──────── SOURCE MATERIAL

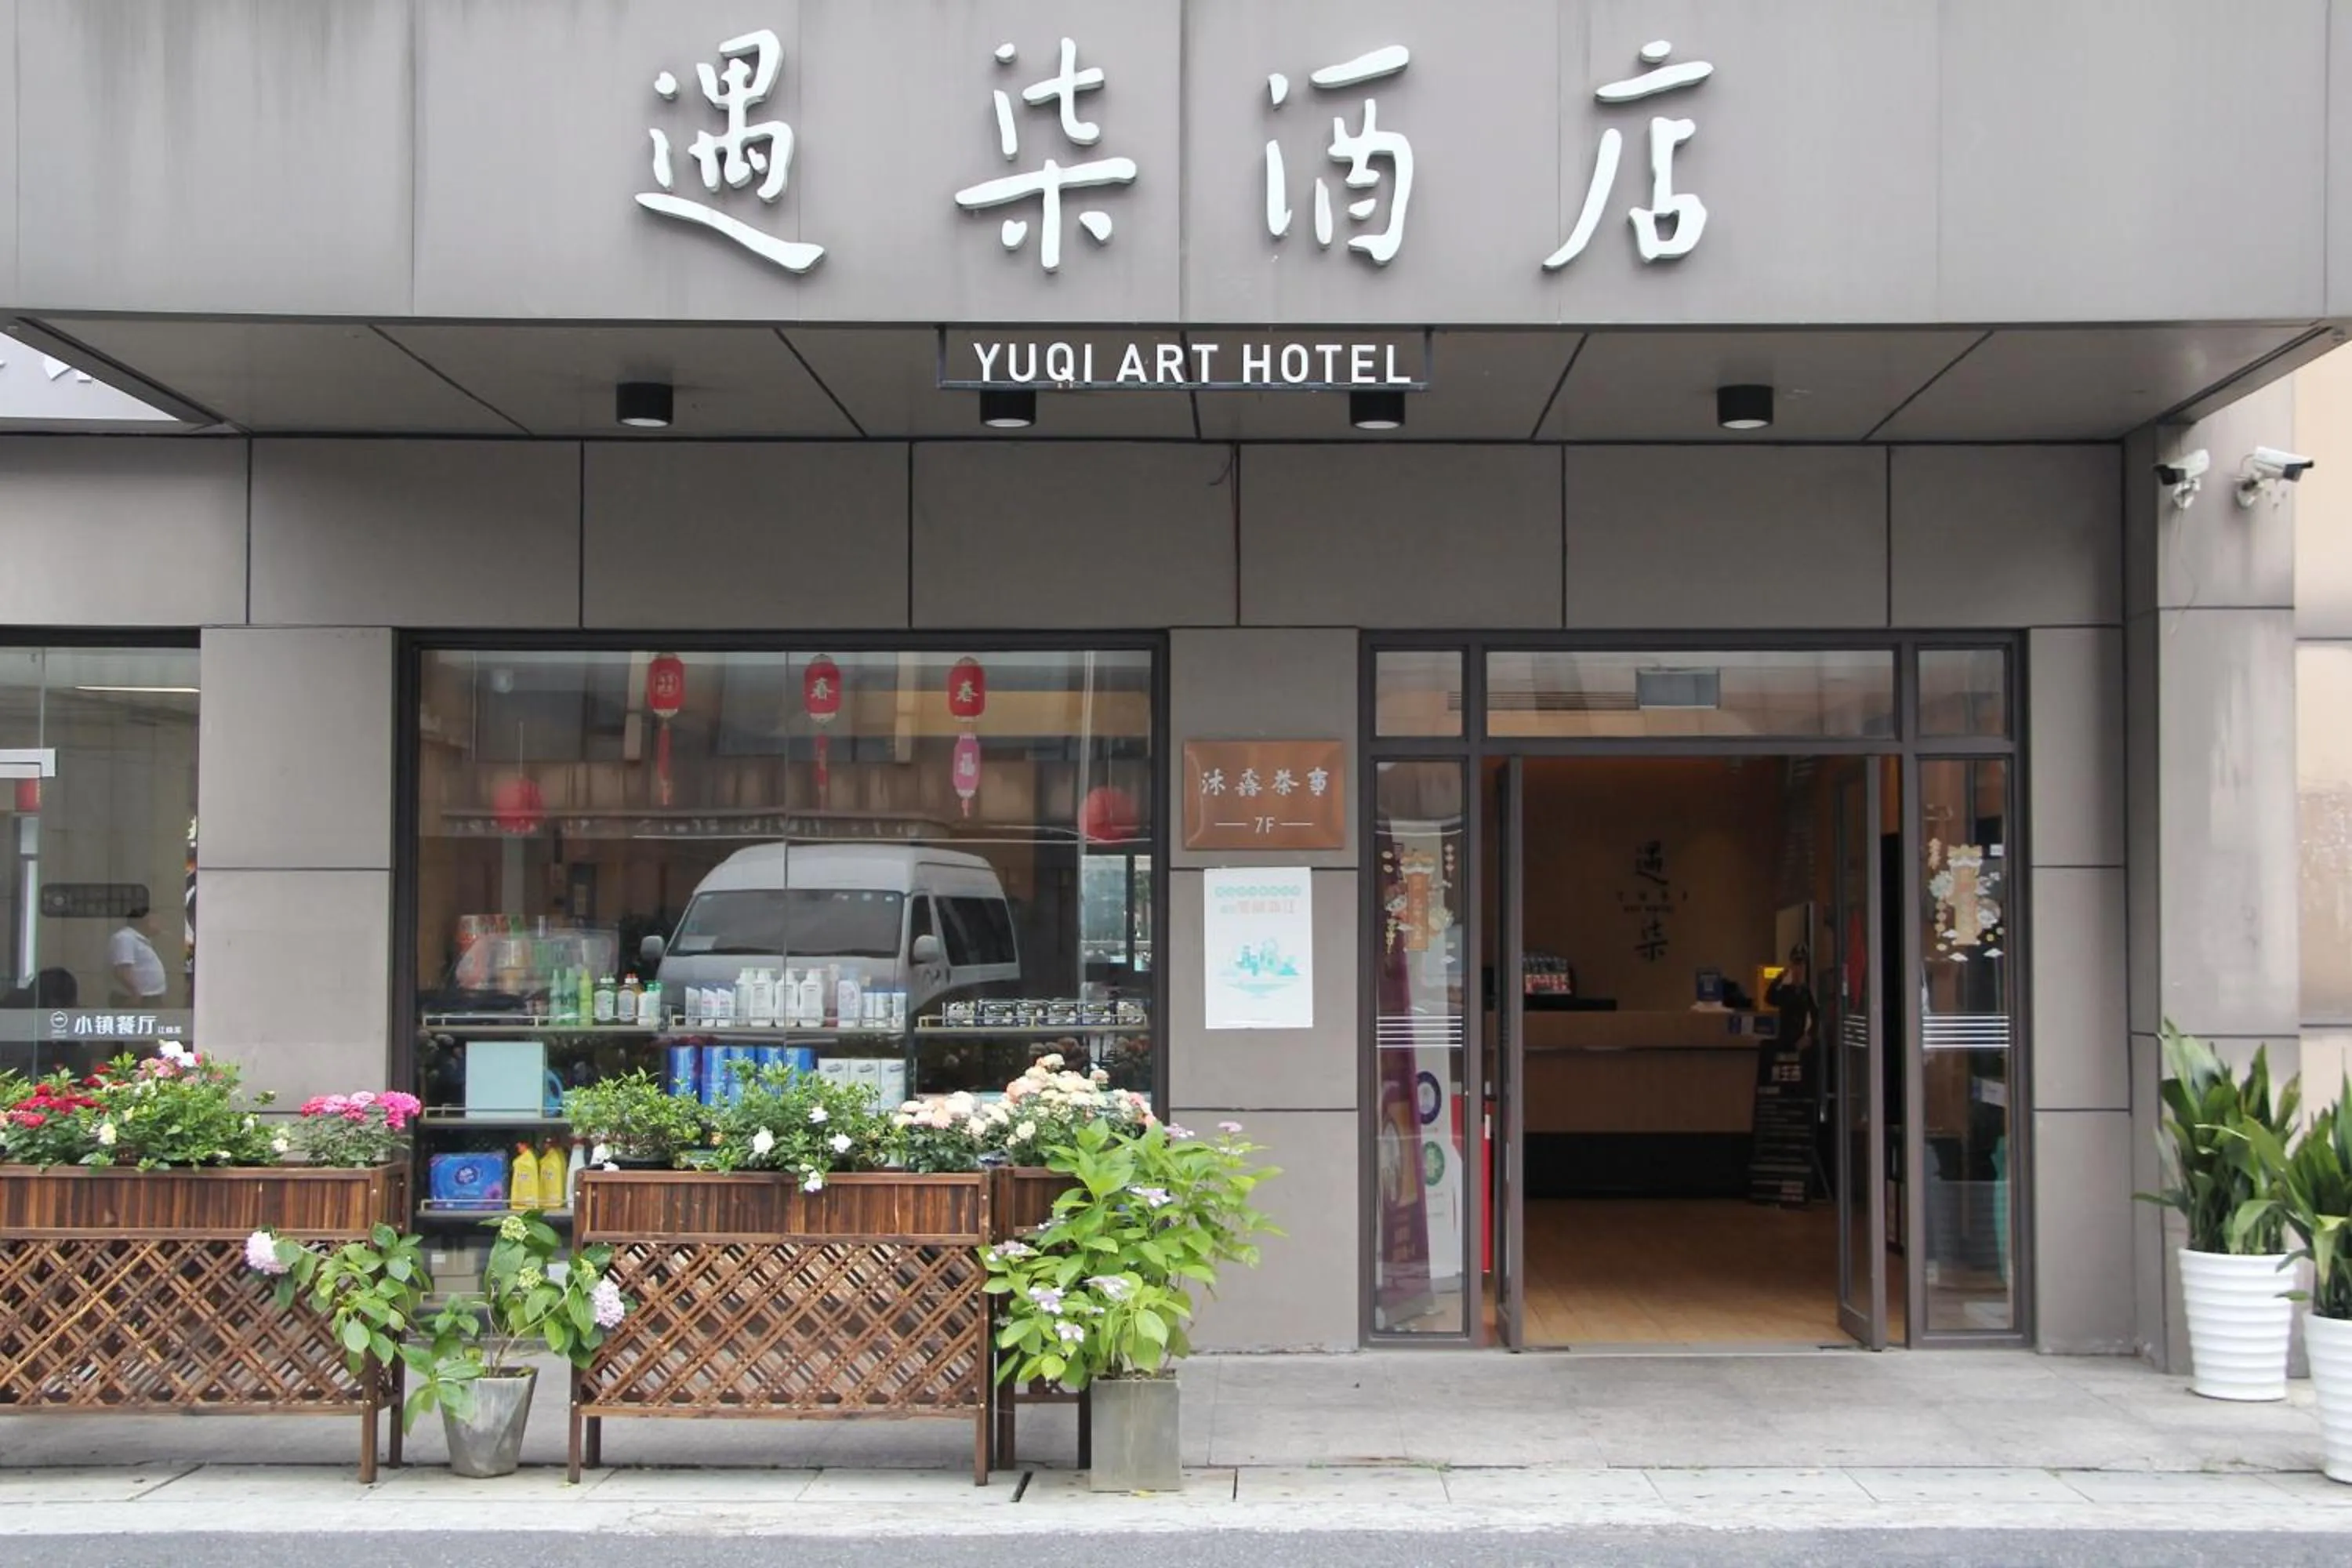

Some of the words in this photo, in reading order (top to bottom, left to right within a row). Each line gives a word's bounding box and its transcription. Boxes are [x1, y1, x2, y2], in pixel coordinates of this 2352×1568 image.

[634, 28, 1714, 274] 遇柒酒店
[973, 342, 1093, 383] YUQI
[1116, 343, 1219, 383] ART
[1243, 343, 1411, 383] HOTEL
[1254, 816, 1276, 834] 7F
[74, 1015, 158, 1035] 小镇餐厅

────────────────

Everything in the entries above, apart from the images, should be printed exactly.

Some of the words in this photo, in reading order (top to bottom, left to right within a row). Each line gives a word's bounding box and its transcription. Boxes are [x1, y1, x2, y2], in pixel coordinates of this 2352×1568 image.

[634, 28, 1714, 274] 遇柒酒店
[973, 342, 1093, 383] YUQI
[1116, 343, 1219, 383] ART
[1243, 343, 1411, 383] HOTEL
[1254, 816, 1276, 834] 7F
[74, 1015, 158, 1035] 小镇餐厅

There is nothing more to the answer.